The local business reviews website opened at $15 a share, above the $12-$14 range that was expected of its initial public offering. The company raised $107 million, giving it a market capitalization of $899 million entering its first day of public trading.
Yelp draws an average of 66 million monthly visitors to its website. Visitors can either read reviews of businesses throughout the U.S., Canada, Western Europe and Australia, or post reviews themselves. The company says it plans to eventually expand its footprint in both the U.S. and abroad.
Like many of its social-media stock predecessors though, Yelp has never been profitable. The San Francisco-based company booked $83.3 million in revenue last year, a 74% improvement from 2010. But the company suffered a net loss of $16.7 million, nearly double the $9.6 million it lost the year before.

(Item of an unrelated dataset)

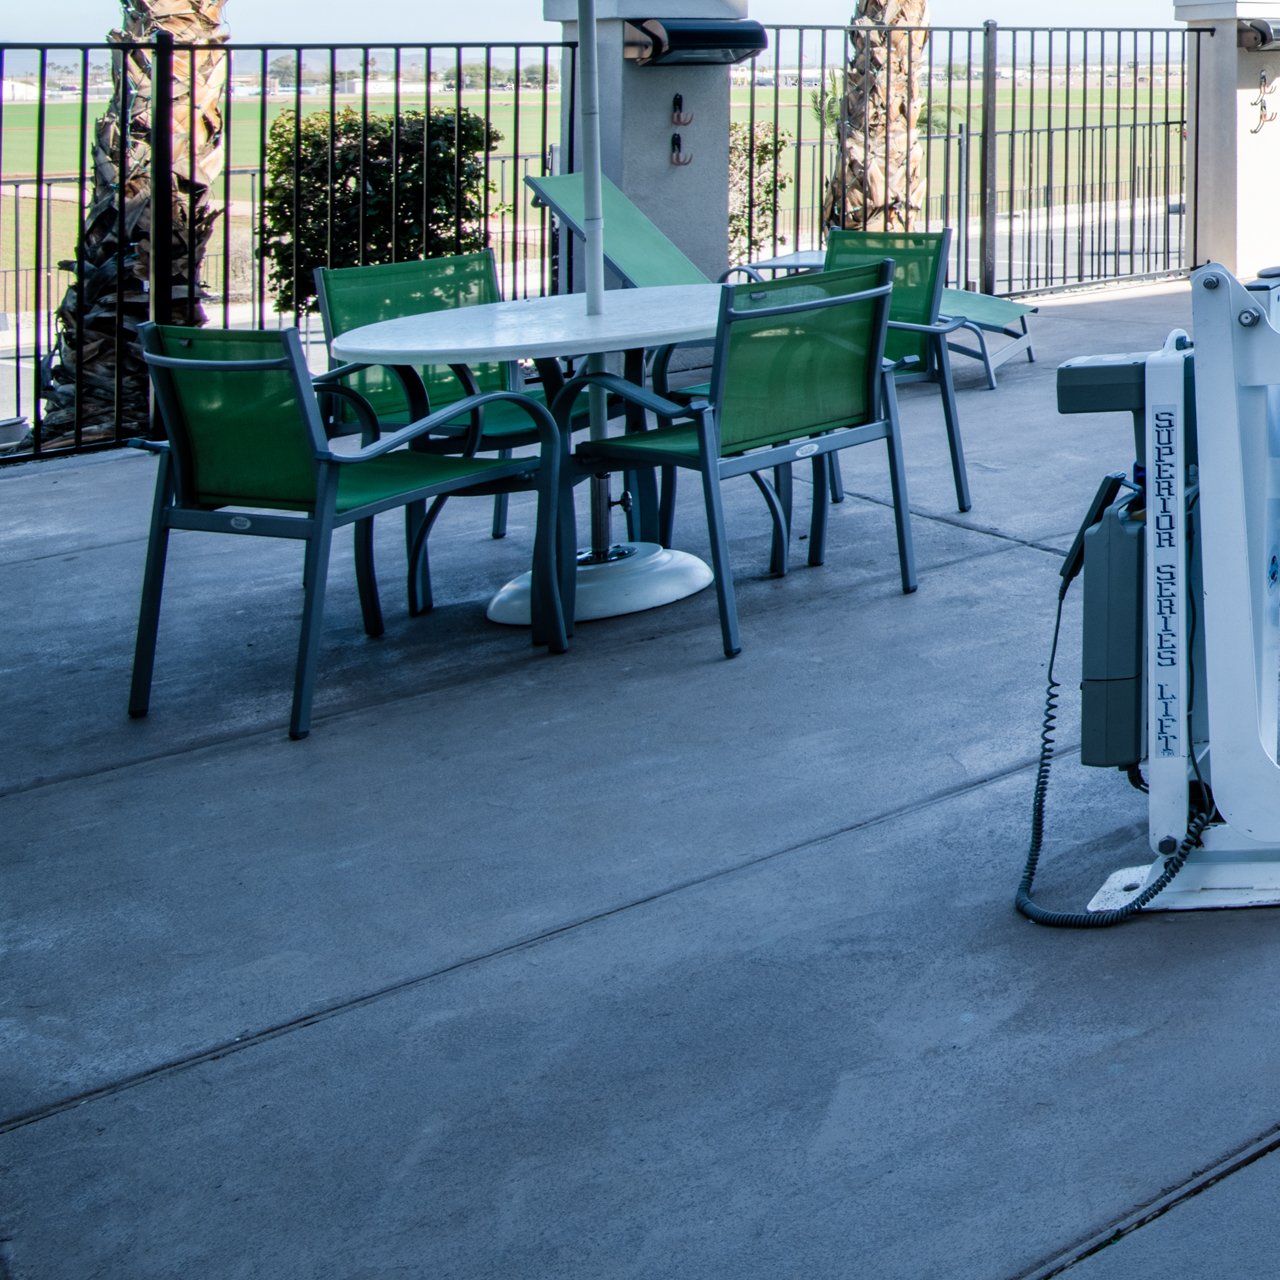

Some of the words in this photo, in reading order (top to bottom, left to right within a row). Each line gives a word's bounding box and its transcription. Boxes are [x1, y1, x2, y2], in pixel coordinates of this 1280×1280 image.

Groupon (Nasdaq: GRPN), LinkedIn (NYSE: LNKD) and Zynga (Nasdaq: ZNGA) were other high-profile social-media companies that went public last year despite never being profitable. Of those three, only Zynga is still trading above its first-day closing price – and it went public just over two months ago.
Yelp can take some solace in the success of Angie’s List (Nasdaq: ANGI), however. A website that helps people find and review local contractors and other service providers, Angie’s List is the social media stock with a business model that closely resembles Yelp’s. Its stock is up 23% from its IPO since going public in November.
So far, so good for Yelp’s stock too. As of 11:20 a.m., it was already up 63% from its IPO price, trading at $24.55 a share.
But don’t get too excited if Yelp pops to incredible heights on its first day. As we’ve seen with most of its recent predecessors, such heights are usually unsustainable for unprofitable social media stocks.